#### Input data ####

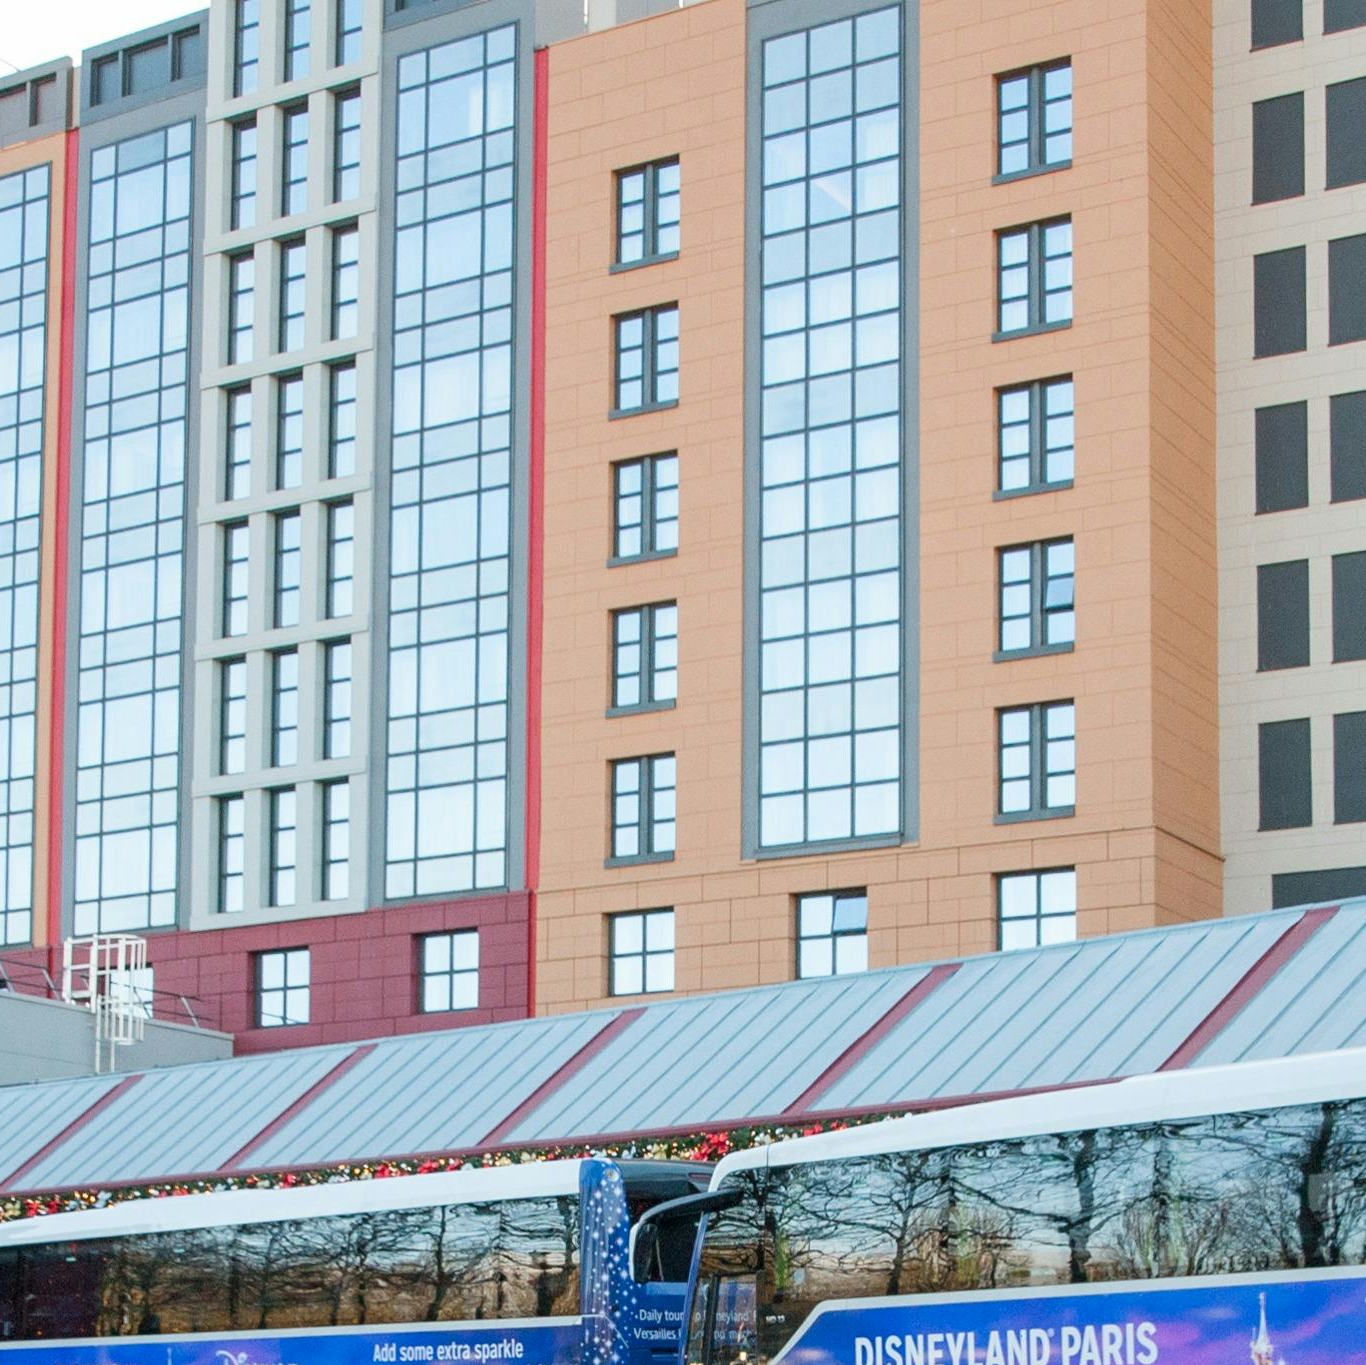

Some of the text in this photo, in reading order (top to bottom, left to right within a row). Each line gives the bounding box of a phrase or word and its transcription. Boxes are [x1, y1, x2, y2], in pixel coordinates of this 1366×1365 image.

[639, 1309, 662, 1323] Daily
[664, 1310, 684, 1322] tour
[633, 1327, 677, 1341] Versailles
[373, 1338, 523, 1363] Add some extra sparkle

####

▶ _What the task requires_: Set the records down again precisely, skipping every image.

▶ _Task response_:
Some of the text in this photo, in reading order (top to bottom, left to right within a row). Each line gives the bounding box of a phrase or word and its transcription. Boxes are [x1, y1, x2, y2], in pixel coordinates of this 1366×1365 image.

[639, 1309, 662, 1323] Daily
[664, 1310, 684, 1322] tour
[633, 1327, 677, 1341] Versailles
[373, 1338, 523, 1363] Add some extra sparkle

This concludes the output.